Analyzing all information sources can provide valuable insights, identify areas for improvement, and optimize resources for better business decisions and profitability.
The data economy has taken the world by storm and, in the last decade, it’s become a commodity for most organizations. In fact, data overtook oil as being the world’s most valuable resource in 2017, according to The Economist.
Businesses across industries market themselves as ‘data-driven’ enterprises, yet their collected data is widely underexplored, and even in some cases cast aside or forgotten. There are many reasons corporate data is discarded but, in this current AI/ML and Cloud data management world, harnessing this data unlocks opportunities for growth, diversification and efficiency. Companies simply need to uncover it, understand it and put it to work.
What’s holding companies back?
For organizations, their resistance comes from a combination of reasons. First, it’s the leap of faith. Businesses often don’t know what the insights are going to be when they start their data projects.
Another challenge is that mining data isn’t cheap. Data can be messy, and unless you know what you’re looking for, metric analysis can yield inconsistent results, making it difficult to derive accurate insights. Incomplete or inaccurate data can lead to poor decision-making, which can negatively impact a company’s bottom line.
Data processing also requires specific skills, such as analysis, visualization, and programming. Companies often face a shortage of skilled personnel who can manage and analyze their data in the Cloud and derive meaningful insights.
Making the most of all data
Operating in the Cloud can remove some barriers by enabling businesses to store more data at a much lower cost. As a result, businesses can keep data previously classified as less important or low-level that would have previously been dismissed. In data analysis, low level doesn’t necessarily mean low value. Companies in all industries are realising how valuable this data can be when used correctly.
For a pharmaceutical company, for instance, not only can its SAP data help it meet track-and-trace requirements, but it also allows them visibility into every movement of their product through the supply chain. They can even visualize these insights over time and produce animations of the flow of the product through the chain. Now, with additional metrics and analysis capability, they’ve optimized their supply chain and have a much greater understanding of what’s happening in real-time across worldwide operations.
While often labelled as “boring data” because it lacks detail, when integrated with external insights, some SAP data suddenly becomes highly valuable.
An example of this is a global beverage company that looked specifically at production waste data. Historically, this level of data was rarely integrated into regional operations. However, this firm combined production waste data alongside current and historic weather pattern data to identify potential improvements to their production. Based on this analysis, the firm created models showing that if it rained too heavily, production efforts would be wasted as rainfall affected the color of the beverage, making it unusable. What was once discarded became highly valuable information that could save them eight figures in lost revenue in wasted product.

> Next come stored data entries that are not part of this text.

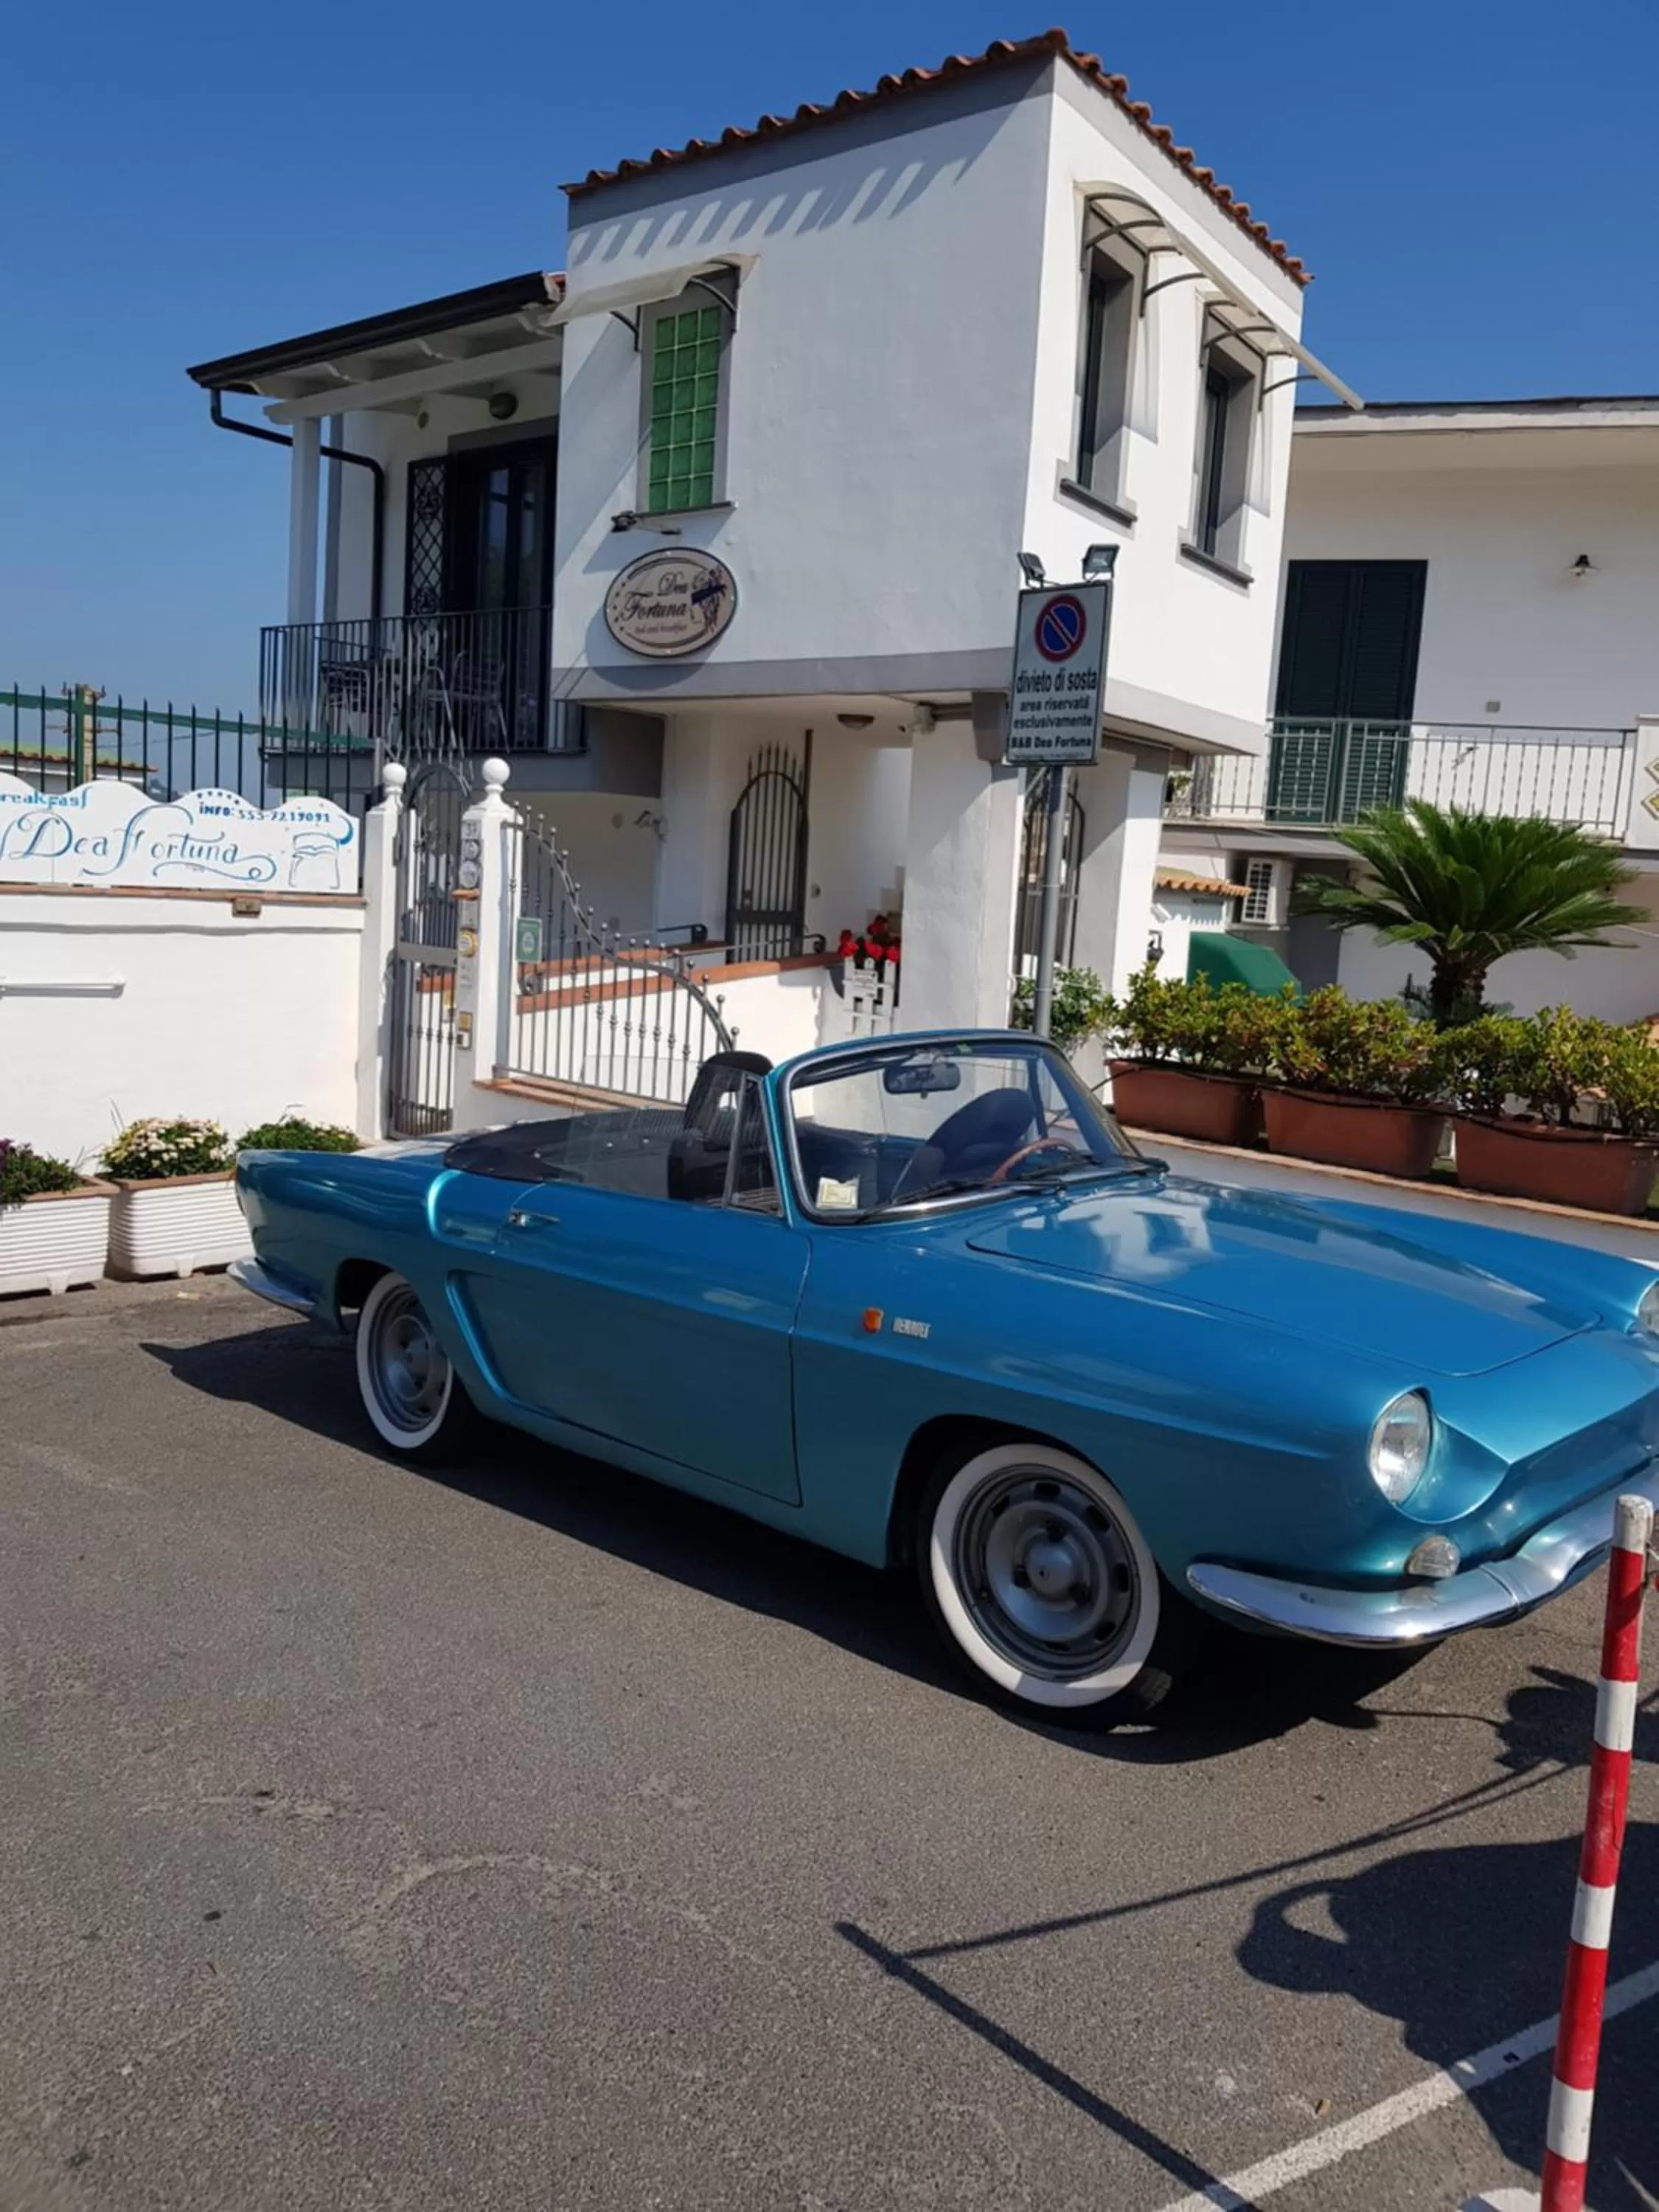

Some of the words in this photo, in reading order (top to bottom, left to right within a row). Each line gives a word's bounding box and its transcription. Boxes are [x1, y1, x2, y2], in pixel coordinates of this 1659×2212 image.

[621, 591, 687, 621] Fortuna
[1017, 669, 1051, 693] divieto
[1054, 667, 1066, 692] di
[1068, 666, 1097, 690] sosta
[1020, 700, 1041, 712] area
[1043, 695, 1089, 711] riservata
[1013, 714, 1092, 729] esclusivamente
[1054, 734, 1091, 748] Fortuna
[0, 786, 93, 810] reakfast
[9, 811, 109, 860] Dea

Upfront investment costs deter some organizations from making the leap and investing in data analytics. Fortunately, the hyperscalers can offer a great deal of support in this area. They have experienced teams that are skilled in data capture, analytics and reporting – across all geographies and industries. They can provide Proof-of-Concept to show you what you might be able to get out of your data, which can make the initial investment less intimidating.
Once you make the decision to take the next step, remember these tips to ensure you derive the most value from your data project:
- Focus on collecting low-level data in addition to what is deemed to be ‘priority data’ and then structure this intelligence in a readable way. There may be important untold insights to be gained from processing what was previously written off as useless or discarded due to data storage costs.

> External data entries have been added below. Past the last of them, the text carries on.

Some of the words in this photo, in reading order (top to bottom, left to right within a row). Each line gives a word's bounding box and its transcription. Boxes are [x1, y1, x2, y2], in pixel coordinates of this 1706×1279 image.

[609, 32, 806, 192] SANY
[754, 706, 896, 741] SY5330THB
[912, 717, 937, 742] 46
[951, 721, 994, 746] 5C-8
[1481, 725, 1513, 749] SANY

- Close scrutiny and oversight across your operations in combination with the latest Cloud technologies and tools can provide you with new ways to visualize your data and identify potential efficiencies and improvement.
- Data quality and consistency is critical for deriving accurate insights. Data cleansing and normalization processes, as well as data relevancy and governance policies, are needed to ensure data consistency. It’s equally important to invest in skilled personnel like data scientists and analysts.

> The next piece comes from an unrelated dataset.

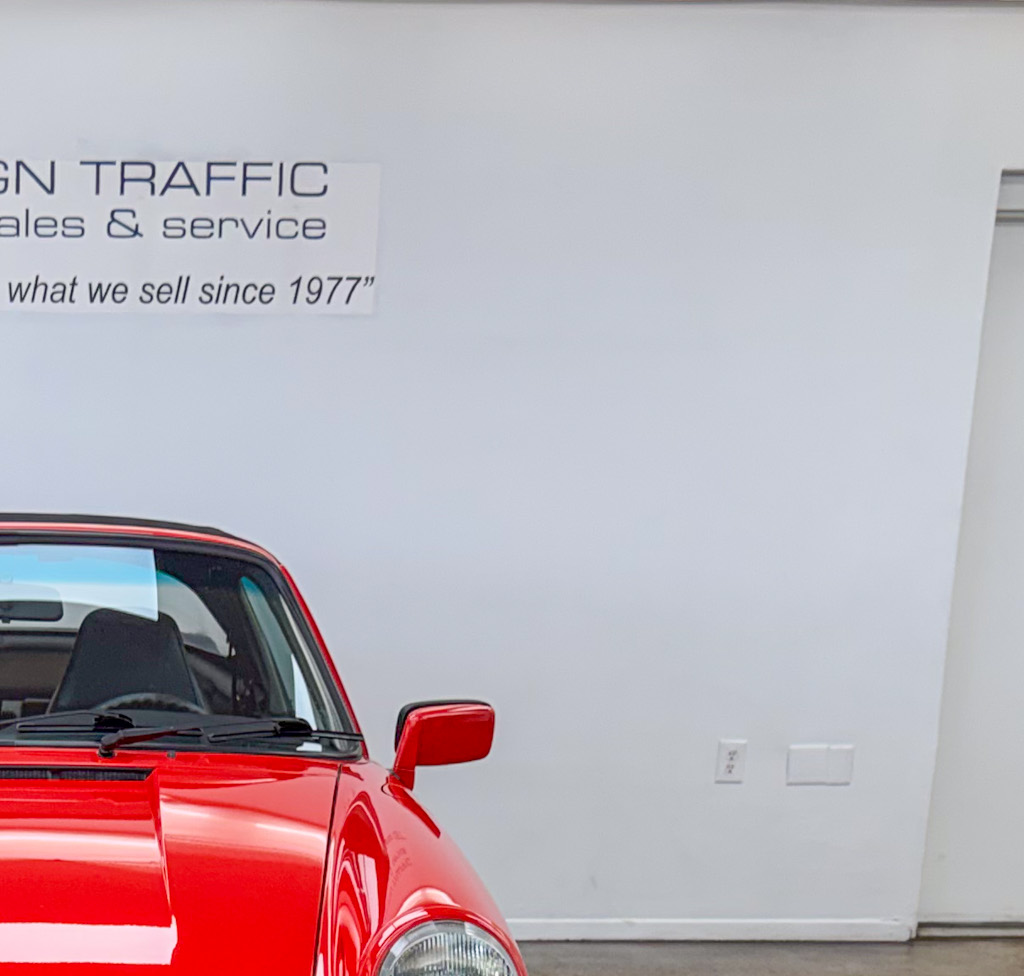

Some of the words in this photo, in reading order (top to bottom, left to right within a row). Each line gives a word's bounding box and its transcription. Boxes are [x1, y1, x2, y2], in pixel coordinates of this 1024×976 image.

- Use machine learning to run models on your data to identify insights and maximize its value. Integration of that data with other data sources can take it that one step further.
The return on your investment will come in the form of optimized operations, more informed decision-making, fast and accurate forecasting and much more. The Cloud migration services market is set to grow to over $20 billion by 2028. And by then, who knows what new innovations we’ll see uncovered from reviewing what we’ve been discarding for so long.